STEVE INSKEEP, HOST:
The opioid crisis is awful but not entirely new. We've heard the recent numbers. The federal government reports that more than 130 people die from opioid-related overdoses per day. We've been through something like this before, and that is the subject of the latest episode of NPR's history podcast Throughline. It is hosted by Ramtin Arablouei and Rund Abdelfatah. And they learned about the first opioid crisis in American history, which happened back in the 19th century.
RUND ABDELFATAH, BYLINE: In the early 1800s, a German pharmacist named Friedrich Serturner was hard at work conducting experiments on the opium poppy plant. He was trying to figure out how to isolate its most valuable component, the alkaloid, the ingredient in the plant that gets you high and - more importantly for his research - provides pain relief. It was something no one had been able to do before. For years, Serturner ran all sorts of tests in the lab on stray dogs and even on himself.
RAMTIN ARABLOUEI, BYLINE: Eventually, he cracked the code and managed to extract the alkaloid from the poppy plant. He called it morphine, after the Greek god of dreams Morpheus. And for the next few years, Serturner continued to study this new thing, and he started getting more and more nervous about how it might be used in the future.
BETH MACY: He says, we must be very careful with this drug. And he warns people that calamity is around the corner.

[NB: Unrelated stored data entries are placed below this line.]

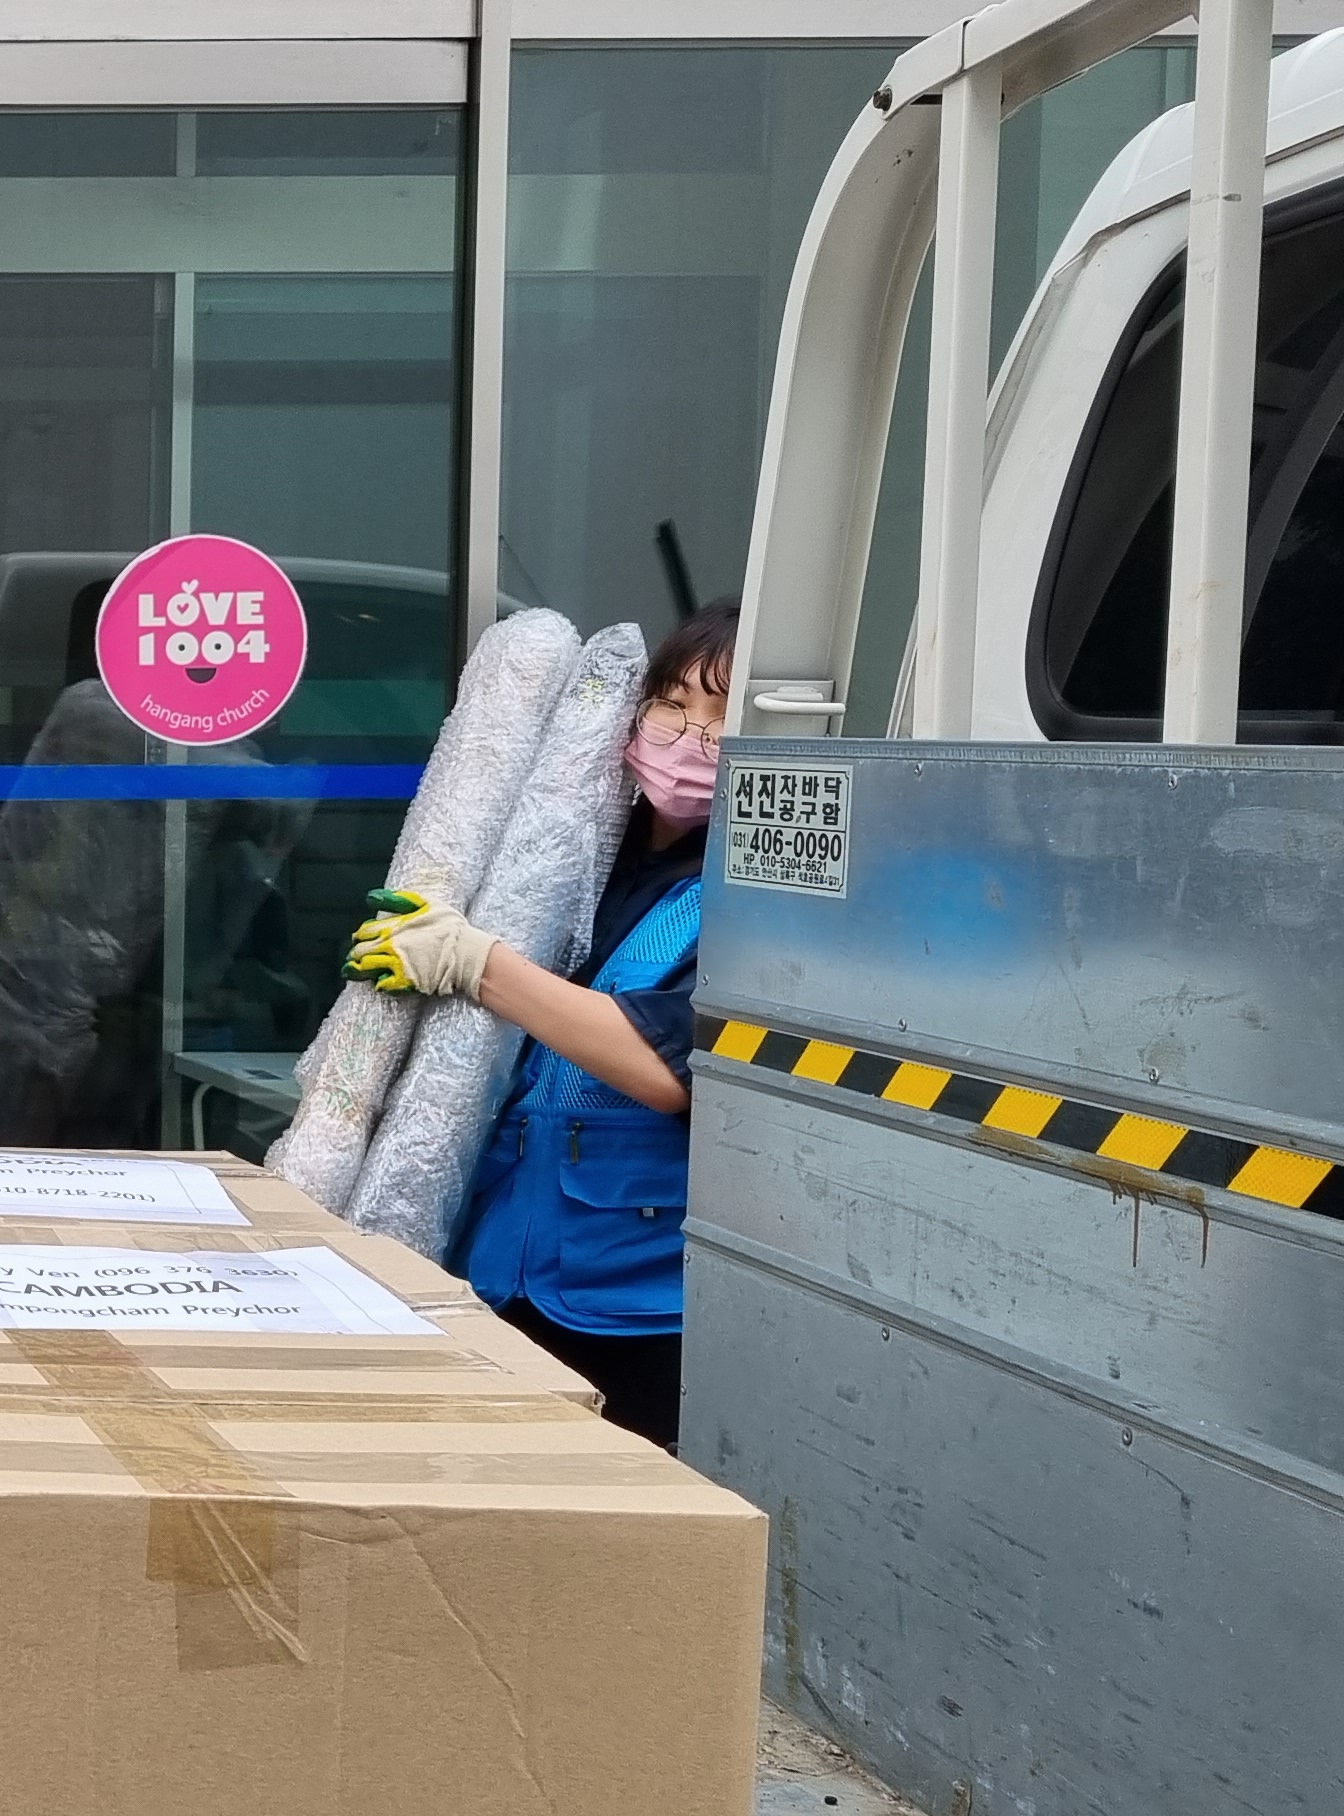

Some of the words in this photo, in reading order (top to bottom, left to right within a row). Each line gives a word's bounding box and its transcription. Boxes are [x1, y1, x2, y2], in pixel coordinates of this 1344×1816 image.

[138, 590, 265, 627] LOVE
[138, 630, 270, 666] 1004
[140, 694, 213, 733] hangang
[216, 688, 270, 726] church
[735, 772, 777, 819] 선진
[778, 799, 841, 825] 공구함
[749, 827, 842, 862] 406-0090
[760, 855, 827, 873] 010-5304-6621
[26, 1167, 128, 1177] Preychor
[27, 1267, 80, 1278] Ven
[94, 1266, 151, 1278] (096
[163, 1265, 214, 1275] 376
[181, 1302, 302, 1317] Preychor

ABDELFATAH: This is Beth Macy.
MACY: I'm a journalist and an author based in Roanoke, Va.
ABDELFATAH: Her latest book is called "Dopesick."

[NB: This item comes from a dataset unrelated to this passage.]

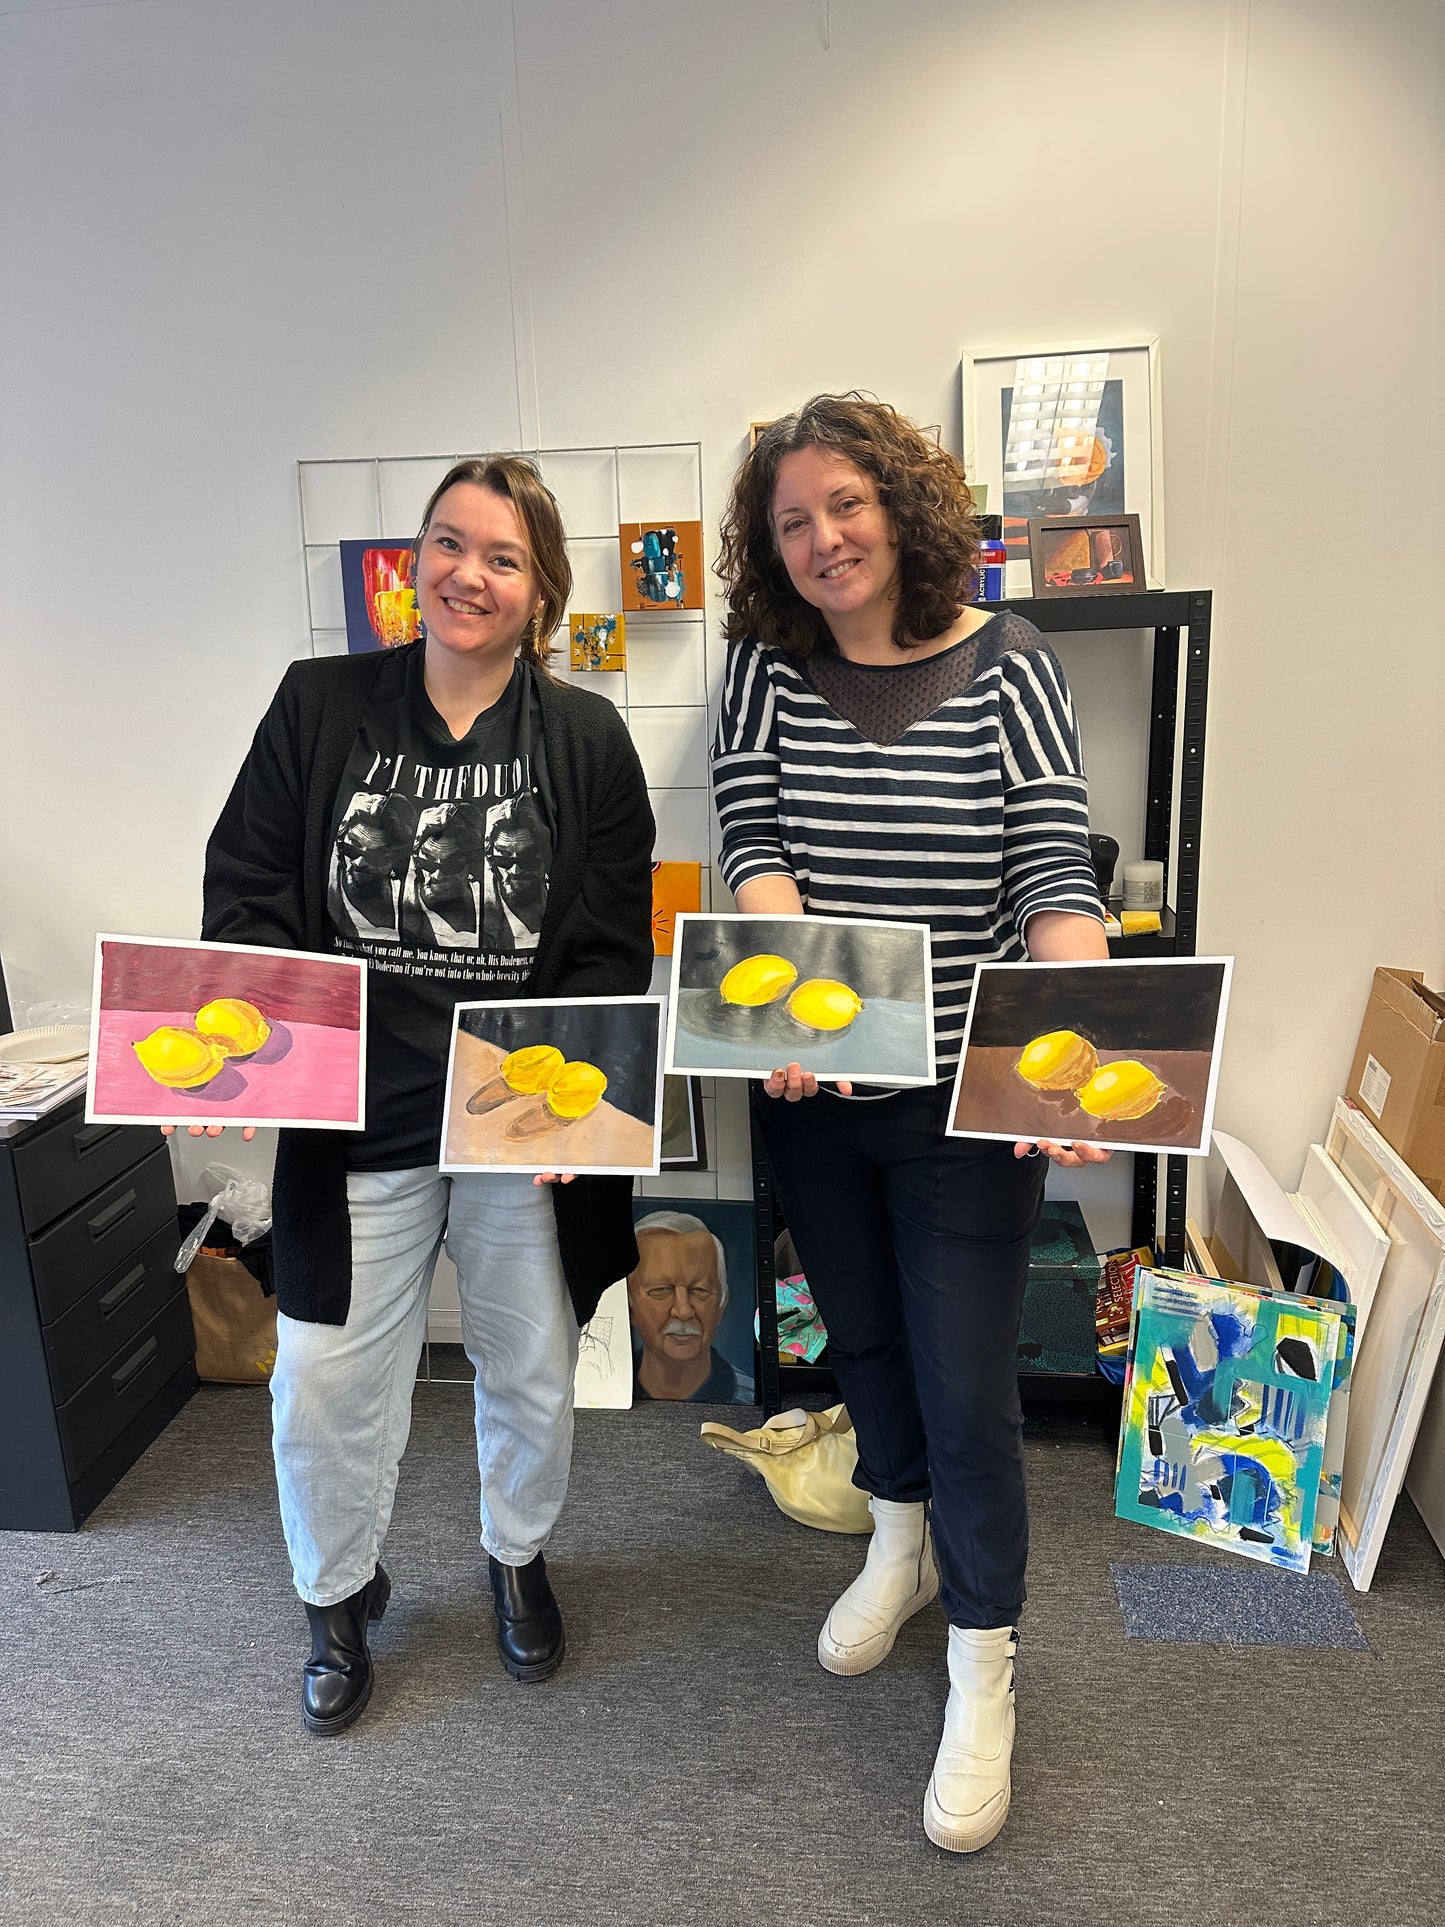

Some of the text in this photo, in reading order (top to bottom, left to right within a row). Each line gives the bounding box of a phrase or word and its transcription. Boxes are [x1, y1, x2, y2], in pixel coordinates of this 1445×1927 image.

ARABLOUEI: So several decades after morphine is discovered, Serturner's fears are realized.
ABDELFATAH: Calamity strikes an ocean away in the United States. The Civil War begins.
(SOUNDBITE OF BATTLE RE-ENACTORS YELLING)
ARABLOUEI: It's an incredibly bloody war, the deadliest in American history.
ABDELFATAH: And most of those deaths actually happen off the battlefield.
ARABLOUEI: From things like disease and infection. But there was this great new way of controlling pain.
ABDELFATAH: That new drug - morphine. And the U.S. imported a lot of it.
(SOUNDBITE OF MUSIC)
ABDELFATAH: Many soldiers became hooked and stayed hooked after the war ended.
DAVID COURTWRIGHT: There's a saying or a cliche that morphine addiction in the late 19th century was the army disease or the soldier's disease.
ARABLOUEI: This is drug historian David Courtwright. And he says that nickname hides a significant detail.
COURTWRIGHT: Which is other evidence suggests very strongly that the majority of addicts were women.
ARABLOUEI: So Courtwright says, while a lot of soldiers did return from the front addicted to morphine, it appears that as the century went on, women began to make up the majority of morphine addicts in the U.S.
(SOUNDBITE OF MUSIC)
NANCY CAMPBELL: Why was morphine prescribed in the 19th century? It's prescribed for pain of all kinds, which women tended to be diagnosed with to a much greater degree than men.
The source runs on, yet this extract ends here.